A complex transcriptome for complex diseases

The magnitude of functional transcripts in non-coding genomic space, many of which still remain either hidden or under-appreciated as functional RNAs, makes it almost certain that these RNAs will explain an important fraction of the non-coding GWAS hits. If so, then further intriguing questions arise. Why are mendelian disorders mostly explained by mutations affecting protein-coding exons, yet complex diseases are explained by mutations in ncRNAs? Does this notion form a pattern consistent with prevailingmechanistic models of how ncRNAs function? Does this pattern tell us something about the underlying systems biology of human cells?

The evidence thus far suggests positive answers to these questions.
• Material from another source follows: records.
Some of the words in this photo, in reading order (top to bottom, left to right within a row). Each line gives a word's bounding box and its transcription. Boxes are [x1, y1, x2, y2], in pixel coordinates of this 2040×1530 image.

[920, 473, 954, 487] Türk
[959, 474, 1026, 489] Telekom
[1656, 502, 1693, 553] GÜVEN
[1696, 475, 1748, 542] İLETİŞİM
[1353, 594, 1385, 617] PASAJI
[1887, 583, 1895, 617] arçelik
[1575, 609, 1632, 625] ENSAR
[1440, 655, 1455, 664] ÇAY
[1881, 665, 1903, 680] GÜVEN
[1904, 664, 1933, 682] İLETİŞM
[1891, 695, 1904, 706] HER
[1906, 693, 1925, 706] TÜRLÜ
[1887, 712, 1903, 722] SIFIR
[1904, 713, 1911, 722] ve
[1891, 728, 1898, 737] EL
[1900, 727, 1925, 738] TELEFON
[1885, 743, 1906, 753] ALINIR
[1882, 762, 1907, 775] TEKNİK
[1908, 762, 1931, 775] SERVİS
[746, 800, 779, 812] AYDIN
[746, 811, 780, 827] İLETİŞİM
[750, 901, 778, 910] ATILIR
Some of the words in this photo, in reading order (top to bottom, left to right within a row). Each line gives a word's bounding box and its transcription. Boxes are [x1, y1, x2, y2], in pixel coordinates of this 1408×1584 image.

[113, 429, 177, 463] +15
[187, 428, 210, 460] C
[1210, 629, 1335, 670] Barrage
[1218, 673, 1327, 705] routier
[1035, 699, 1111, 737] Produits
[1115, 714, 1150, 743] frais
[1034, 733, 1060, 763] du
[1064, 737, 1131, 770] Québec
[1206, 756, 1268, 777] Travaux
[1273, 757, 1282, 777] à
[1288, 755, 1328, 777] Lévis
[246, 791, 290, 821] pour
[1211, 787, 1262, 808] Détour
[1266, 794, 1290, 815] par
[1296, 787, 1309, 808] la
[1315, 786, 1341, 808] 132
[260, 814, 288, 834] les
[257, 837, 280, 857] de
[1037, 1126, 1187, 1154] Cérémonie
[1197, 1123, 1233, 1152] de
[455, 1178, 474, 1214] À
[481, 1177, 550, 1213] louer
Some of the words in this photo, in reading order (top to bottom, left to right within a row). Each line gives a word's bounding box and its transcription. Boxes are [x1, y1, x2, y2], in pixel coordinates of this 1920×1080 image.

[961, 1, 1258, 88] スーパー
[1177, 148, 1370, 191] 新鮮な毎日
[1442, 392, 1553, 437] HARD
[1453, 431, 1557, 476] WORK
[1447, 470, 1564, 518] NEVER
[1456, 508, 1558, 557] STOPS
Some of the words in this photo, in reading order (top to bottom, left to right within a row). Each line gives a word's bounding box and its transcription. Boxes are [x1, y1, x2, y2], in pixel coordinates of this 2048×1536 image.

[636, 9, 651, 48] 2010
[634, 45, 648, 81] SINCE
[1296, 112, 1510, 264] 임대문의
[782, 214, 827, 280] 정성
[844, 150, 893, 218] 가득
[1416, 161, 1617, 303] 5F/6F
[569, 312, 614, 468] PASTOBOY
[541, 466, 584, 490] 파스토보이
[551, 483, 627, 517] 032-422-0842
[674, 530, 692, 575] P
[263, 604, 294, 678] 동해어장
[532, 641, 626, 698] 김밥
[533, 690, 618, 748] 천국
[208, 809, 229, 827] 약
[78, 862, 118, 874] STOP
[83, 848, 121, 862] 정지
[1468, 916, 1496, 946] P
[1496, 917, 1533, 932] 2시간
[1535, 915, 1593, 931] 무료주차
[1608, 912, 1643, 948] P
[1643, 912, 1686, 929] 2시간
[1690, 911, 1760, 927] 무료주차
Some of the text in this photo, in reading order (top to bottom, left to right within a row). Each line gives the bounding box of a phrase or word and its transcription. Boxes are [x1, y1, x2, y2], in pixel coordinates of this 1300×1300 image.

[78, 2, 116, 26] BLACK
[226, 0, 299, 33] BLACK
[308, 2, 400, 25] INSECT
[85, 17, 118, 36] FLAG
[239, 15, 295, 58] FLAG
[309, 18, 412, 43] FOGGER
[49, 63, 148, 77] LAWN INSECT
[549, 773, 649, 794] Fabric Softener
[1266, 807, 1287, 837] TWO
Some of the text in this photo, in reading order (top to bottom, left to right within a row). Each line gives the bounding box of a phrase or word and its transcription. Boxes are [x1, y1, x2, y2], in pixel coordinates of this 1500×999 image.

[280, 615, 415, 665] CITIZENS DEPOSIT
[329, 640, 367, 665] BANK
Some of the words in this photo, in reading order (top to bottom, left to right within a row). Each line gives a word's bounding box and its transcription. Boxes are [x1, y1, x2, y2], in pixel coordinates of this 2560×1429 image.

As described above in the few examples that have been worked out in detail, lncRNAs can act as trans regulators, potentially master regulators, of large numbers of known genes. Examples such as ANRIL, HOTAIR, lincRNA-p21, and HELLP highlight this emerging paradigm. A similar model of regulation occurs with transcription factors; however, a mutation in a long ncRNA would generally not have quite the same effect as a mutation in a protein. Considering that the former usually results in a much more flexible phenotype than the latter, a mutation would affect rather than abrogate the interaction affinity of the lncRNA with its partner molecules, such as proteins or other nucleic acids. Moreover, these interactions occur in the context of hundreds or thousands of competing and cooperative interactions with other lncRNAs in a complex ecosystem that controls signaling in the nucleus. The expected result would include small but cooperative and cumulative effects on a large number of downstream targets, thus displaying itself as a relatively subtle contribution to one or possibly many complex phenotypes.

Conclusions

Clearly, we are still at the early stages of understanding the full complexity of functional elements encoded in the human genome. However, recent results paint an emerging picture of a very complex regulatory network composed of numerous ncRNAs and their targets. Each ncRNA molecule in this network could potentially regulate hundreds of other RNAs in trans. GWAS variants could function by affecting this overarching layer of ncRNA regulation. In fact, the recent examples of this type of network regulation probably represent the tip of the iceberg of its true significance in complex diseases. Therefore, the time is right to bring the two fields together to fully unravel the underlying relationships.

In addition, the theme of ncRNA in disease brings with it an immediate implication for clinical research. If ncRNAs are as intricately involved in underlying disease mechanisms, as the data reviewed here suggest, then clinical transcriptome sequencing (including ncRNAs) has to come to the forefront of biomedical research. Indeed, first indications suggest that ncRNAs represent excellent biomarkers for cancer diagnostics [46, 47]. Considering the much larger complexity of ncRNAs compared with coding RNAs, the former represent a gigantic untapped potential for clinically relevant biomarkers, in addition to expanding our basic knowledge of molecular events leading to disease.